Auch nach den dienstlichen Erklärungen von Richter am Bundesgerichtshof Prof. Dr. Krehl, auf die der Verteidiger des Angeklagten die Befangenheitsanträge stützt, wurde mit oder während der Anhörung durch das Präsidium des Bundesgerichtshofs am 18. Januar 2012 bzw. nach der Einsichtnahme des Präsidenten des Bundesgerichtshofs in ein Senatsheft kein "Druck" ausgeübt, der sich in irgendeiner Weise auf Entscheidungen des 2. Strafsenats in der Sache, also über den Erfolg oder Misserfolg der Rechtsmittel der bei diesem Senat anhängigen oder anhängig werdenden Verfahren, bezog. Vielmehr ging es - nach diesen dienstlichen Erklärungen - bei der Anhörung durch das Präsidium um den Beschluss des 2. Strafsenats vom 11. Januar 2012, in dem die Revisionshauptverhandlung ausgesetzt worden war, um dem Präsidium Gelegenheit zu geben, die Besetzung dieses Senats mit dem "Doppelvorsitz" zu ändern, und die sich aus dieser Entscheidung ergebenden Folgen. Die vom Antragsteller besorgte "Anpassung der Rechtsansicht" ist im Urteil des 2. Strafsenats vom 8. Februar 2012 ausdrücklich jedoch nicht in Bezug auf die Frage der ordnungsgemäßen Besetzung, sondern allein in Bezug darauf erfolgt, dass mit Rücksicht darauf, dass es andernfalls zu einem partiellen Stillstand der Rechtspflege käme, den beim Senat anhängigen Revisionen Fortgang gegeben werden soll, um dem Gebot der Rechtsschutzgewährung Rechnung zu tragen. Bei einer solchen, den Interessen eines Angeklagten entsprechenden "Anpassung der Rechtsansicht" hat ein vernünftiger Angeklagter - der bei einem von ihm oder für ihn gestellten Ablehnungsantrag den Maßstab für die Prüfung der Besorgnis der Befangenheit setzt - keine Gründe zu besorgen, dass die Richter ihm bei der Entscheidung über seine Revision nicht mit der gebotenen Neutralität und Distanz gegenübertreten. Dies gilt auch, soweit im Urteil vom 8. Februar 2012 weiter ausgeführt ist, dass "die richterliche Unabhängigkeit nach Art. 97 Abs. 1 GG partiell zurückstehen" müsse und der Senat "nach der Entscheidung des Präsidiums gehalten" sei, "in seiner Meinung nach verfassungswidriger Besetzung zu entscheiden". Diese Ausführungen belegen, dass auch nach Ansicht des dortigen Spruchkörpers die richterliche Unabhängigkeit gerade nicht in Bezug auf die Sachentscheidung über das Rechtsmittel des Revisionsführers be-

troffen war, sondern durch eine vermeintlich verfassungswidrige Besetzung aufgrund des Geschäftsverteilungsplans des Bundesgerichtshofs. Eine solche lag indes nicht vor. Vielmehr hat das Bundesverfassungsgericht mit Beschluss vom 23. Mai 2012 ( 2 BvR 610/12 und 625/12, NJW 2012, 2334 ) entschieden, dass die Besetzung des 2. Strafsenats mit Vorsitzendem Richter am Bundesgerichtshof Dr. Ernemann nicht verfassungswidrig war und dabei auch festgestellt, dass eine unabhängigkeitsbeeinträchtigende Einflussnahme auf die angehörten Richter bei der Anhörung auszuschließen sei.
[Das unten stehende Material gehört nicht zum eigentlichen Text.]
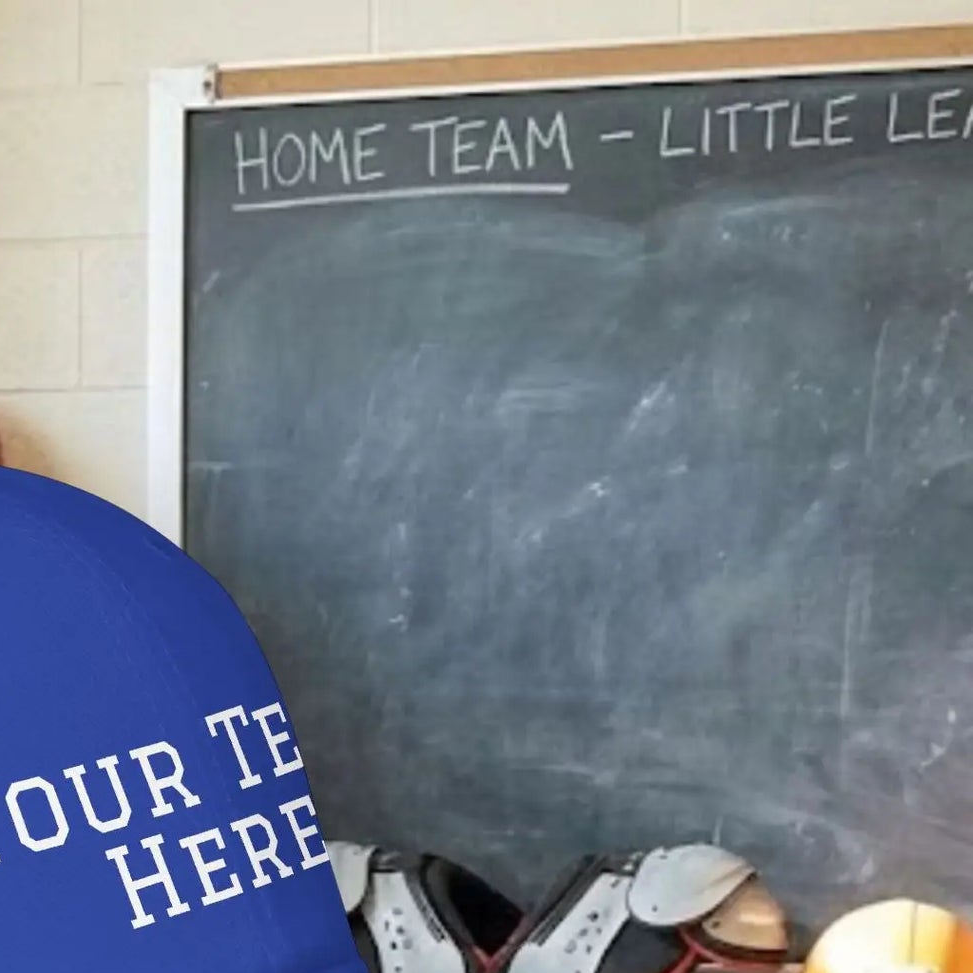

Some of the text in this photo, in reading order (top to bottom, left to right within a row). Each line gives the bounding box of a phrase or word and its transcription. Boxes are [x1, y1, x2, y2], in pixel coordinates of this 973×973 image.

[234, 123, 386, 195] HOME
[409, 111, 574, 178] TEAM
[659, 95, 856, 157] LITTLE
[105, 794, 330, 930] HERE
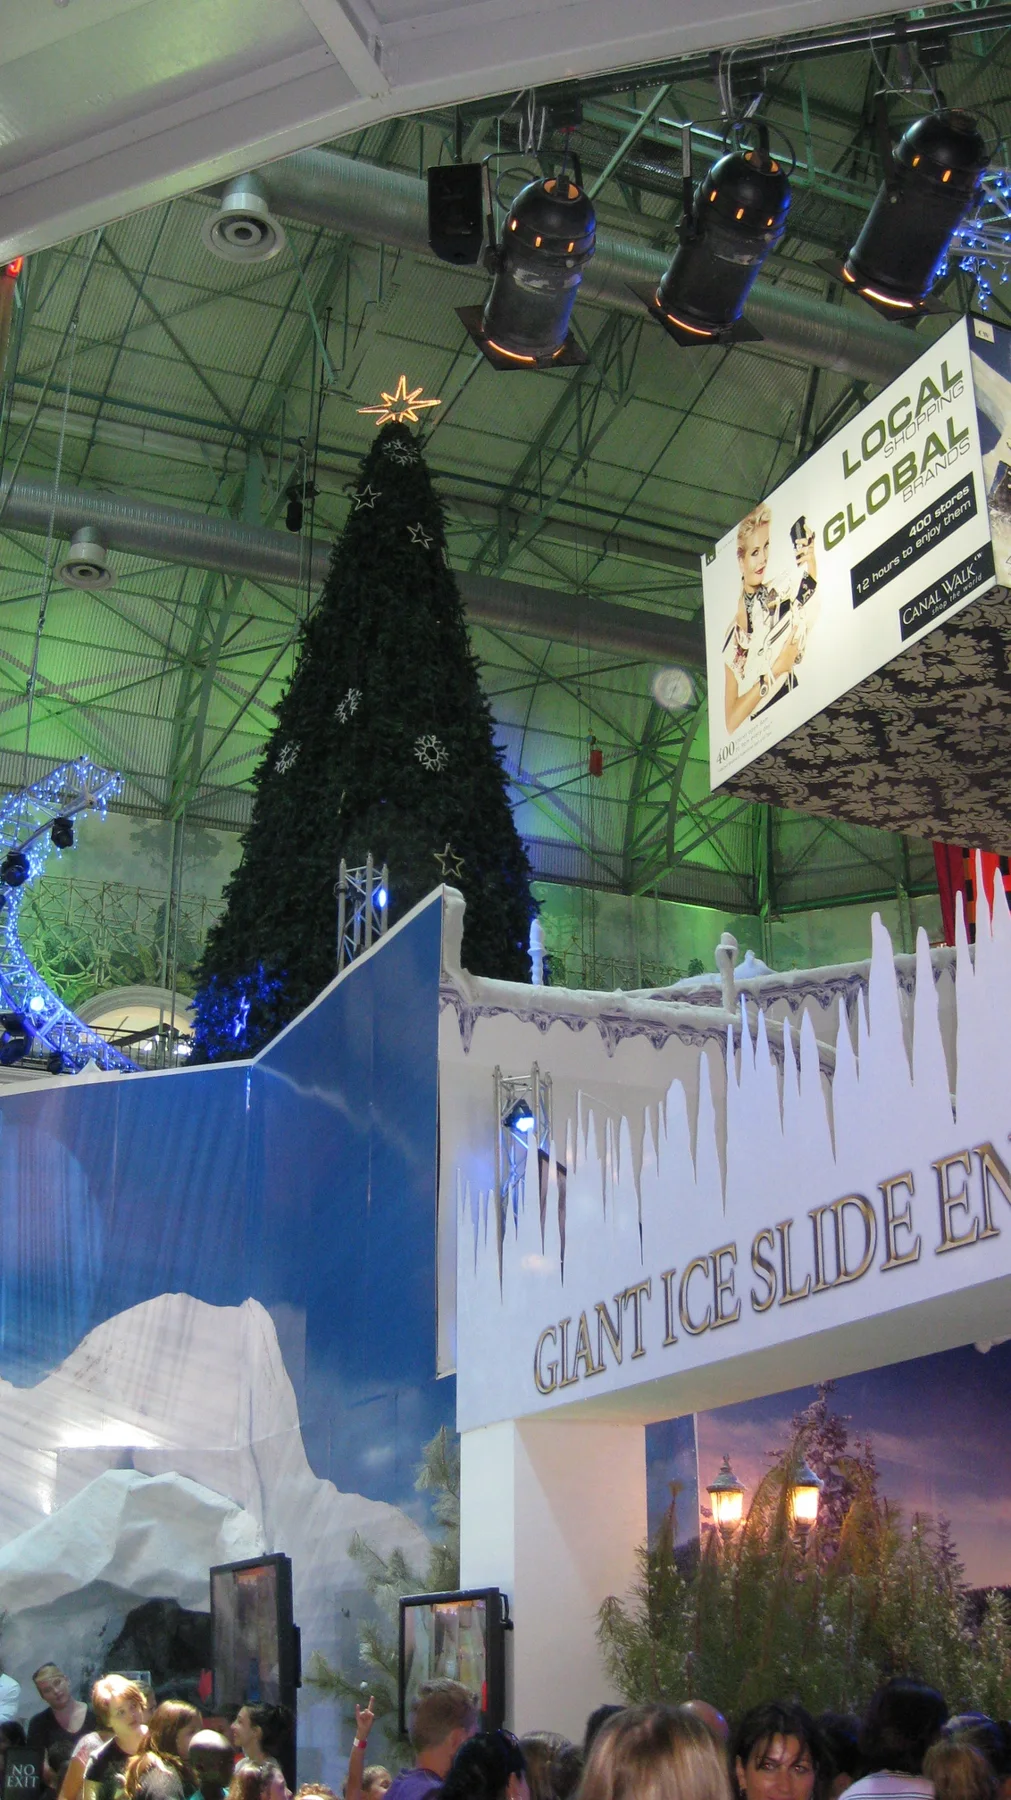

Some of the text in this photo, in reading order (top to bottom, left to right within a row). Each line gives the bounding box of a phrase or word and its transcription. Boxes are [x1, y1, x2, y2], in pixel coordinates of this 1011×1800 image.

[842, 360, 963, 480] LOCAL
[884, 379, 964, 459] SHOPPING
[823, 416, 969, 551] GLOBAL
[902, 436, 970, 503] BRANDS
[909, 485, 970, 538] 400 stores
[856, 500, 971, 594] 12 hours to enjoy them
[902, 589, 942, 625] CANAL
[941, 563, 976, 595] WALK
[931, 572, 983, 616] shop the world
[716, 741, 735, 765] 400
[533, 1278, 652, 1396] GIANT
[661, 1242, 742, 1347] ICE
[750, 1171, 922, 1313] SLIDE
[7, 1775, 40, 1788] EXIT
[12, 1763, 36, 1776] NO
ee) Hinzu kommt, dass Richter am Bundesgerichtshof Dr. Appl, Prof. Dr. Schmitt und Dr. Berger - wie auch Richter am Bundesgerichtshof Prof. Dr. Fischer - am 18. Januar 2012 vom Präsidium des Bundesgerichtshofs gar nicht angehört wurden, so dass auf sie dort jedenfalls unmittelbar nicht im Sinne der vom Antragsteller besorgten "Anpassung der Rechtsansicht" eingewirkt worden sein kann. Zudem haben - wie sich ebenfalls aus den dienstlichen Stellungnahmen ergibt - Richter am Bundesgerichtshof Dr. Appl und Prof. Dr. Schmitt weder an der Entscheidung des 2. Strafsenats vom 11. Januar 2012 (zur Aussetzung eines Verfahrens wegen nicht ordnungsgemäßer Besetzung des Senats) noch an der vom 8. Februar 2012 (zur Fortsetzung dieses Verfahrens), Richter am Bundesgerichtshof Dr. Berger lediglich an der Entscheidung vom 8. Februar 2012 (nicht aber an der vom 11. Januar 2012) und Richterin am Bundesgerichtshof Dr. Ott nur an der vom 11. Januar 2012 (nicht aber an der vom 8. Februar 2012) mitgewirkt, so dass bei diesen die Annahme einer "Anpassung ihrer Rechtsansicht" lediglich eine nicht belegte Spekulation darstellt, mithin zur Begründung der Besorgnis der Befangenheit ungeeignet ist.

Es liegen daher für einen vernünftig urteilenden Angeklagten keine hinreichenden Anhaltspunkte für die Besorgnis vor, dass es den abgelehnten Richtern bei der Sachentscheidung über sein am 23. März 2012 beim Bundesgerichtshof eingegangenes Rechtsmittel an der erforderlichen Neutralität und Distanz fehlt.